START Data records

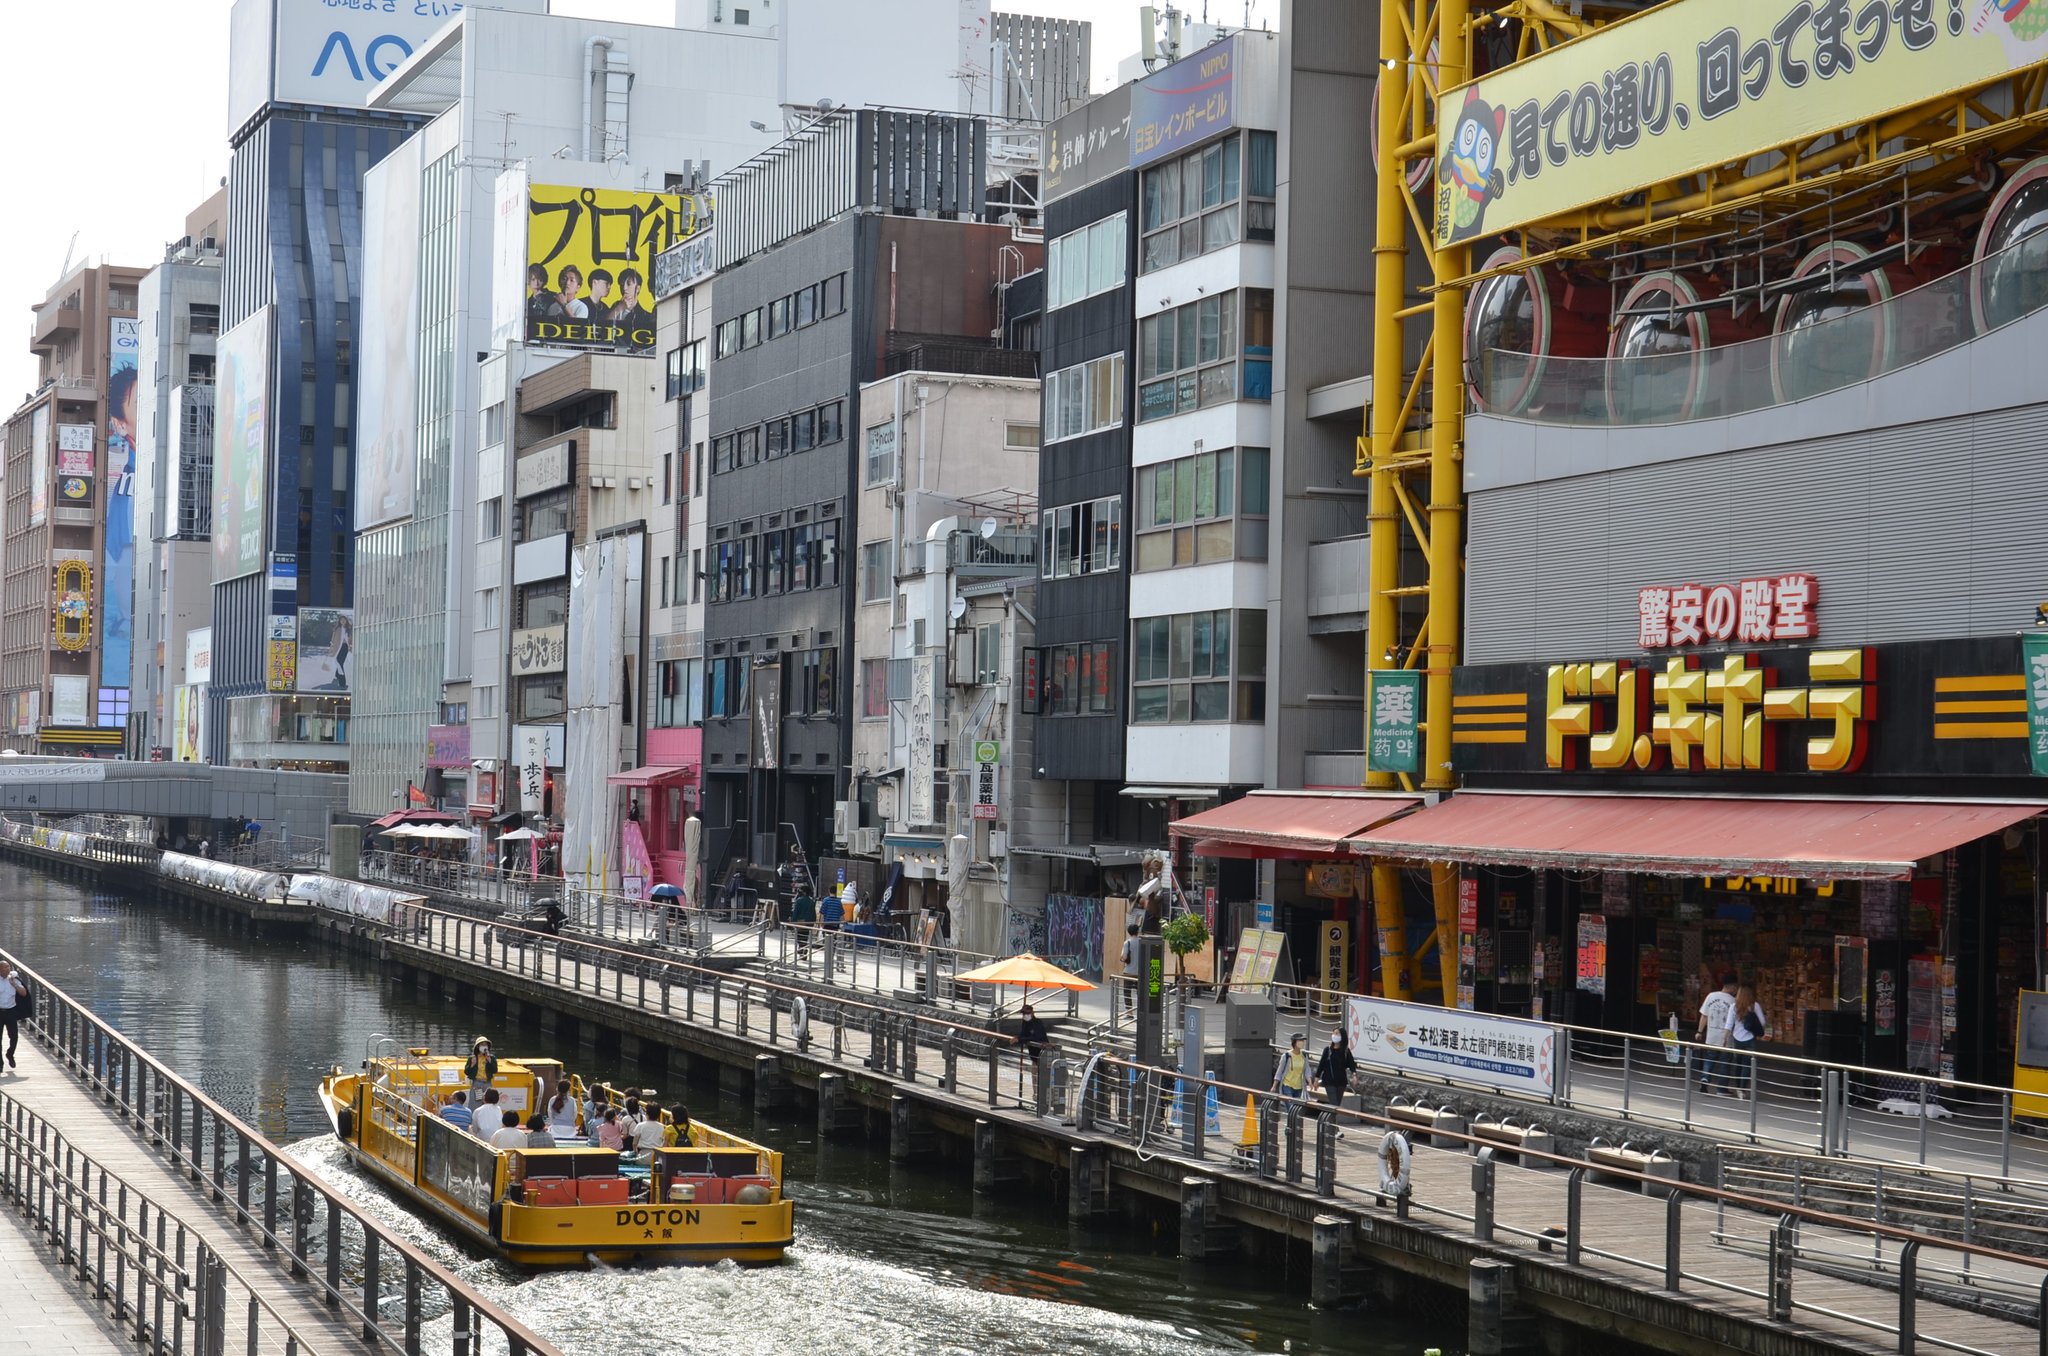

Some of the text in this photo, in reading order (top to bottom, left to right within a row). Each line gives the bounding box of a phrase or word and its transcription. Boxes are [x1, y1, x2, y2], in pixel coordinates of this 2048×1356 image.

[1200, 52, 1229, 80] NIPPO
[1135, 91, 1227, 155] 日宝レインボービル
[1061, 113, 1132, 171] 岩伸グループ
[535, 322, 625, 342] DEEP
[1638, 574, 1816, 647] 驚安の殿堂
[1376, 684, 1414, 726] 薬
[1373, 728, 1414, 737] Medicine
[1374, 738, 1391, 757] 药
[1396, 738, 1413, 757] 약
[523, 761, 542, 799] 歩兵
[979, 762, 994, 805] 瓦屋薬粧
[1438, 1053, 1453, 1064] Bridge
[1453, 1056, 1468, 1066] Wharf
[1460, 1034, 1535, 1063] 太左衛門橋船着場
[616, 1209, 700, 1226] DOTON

END Data records

▸ Task goal
Return every record exactly, without the pictures.

▸ Finished exercise
Some of the text in this photo, in reading order (top to bottom, left to right within a row). Each line gives the bounding box of a phrase or word and its transcription. Boxes are [x1, y1, x2, y2], in pixel coordinates of this 2048×1356 image.

[1200, 52, 1229, 80] NIPPO
[1135, 91, 1227, 155] 日宝レインボービル
[1061, 113, 1132, 171] 岩伸グループ
[535, 322, 625, 342] DEEP
[1638, 574, 1816, 647] 驚安の殿堂
[1376, 684, 1414, 726] 薬
[1373, 728, 1414, 737] Medicine
[1374, 738, 1391, 757] 药
[1396, 738, 1413, 757] 약
[523, 761, 542, 799] 歩兵
[979, 762, 994, 805] 瓦屋薬粧
[1438, 1053, 1453, 1064] Bridge
[1453, 1056, 1468, 1066] Wharf
[1460, 1034, 1535, 1063] 太左衛門橋船着場
[616, 1209, 700, 1226] DOTON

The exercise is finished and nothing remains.